What the task asks: Reproduce the entries below in full and without error.

Collected data:
Start of Block

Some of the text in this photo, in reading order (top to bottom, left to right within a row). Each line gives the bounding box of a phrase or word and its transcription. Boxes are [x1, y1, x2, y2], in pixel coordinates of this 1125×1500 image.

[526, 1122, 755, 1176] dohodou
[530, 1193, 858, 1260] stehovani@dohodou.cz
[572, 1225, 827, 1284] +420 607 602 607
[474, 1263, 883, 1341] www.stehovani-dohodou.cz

End of Block

Exercise solution:
Some of the text in this photo, in reading order (top to bottom, left to right within a row). Each line gives the bounding box of a phrase or word and its transcription. Boxes are [x1, y1, x2, y2], in pixel coordinates of this 1125×1500 image.

[526, 1122, 755, 1176] dohodou
[530, 1193, 858, 1260] stehovani@dohodou.cz
[572, 1225, 827, 1284] +420 607 602 607
[474, 1263, 883, 1341] www.stehovani-dohodou.cz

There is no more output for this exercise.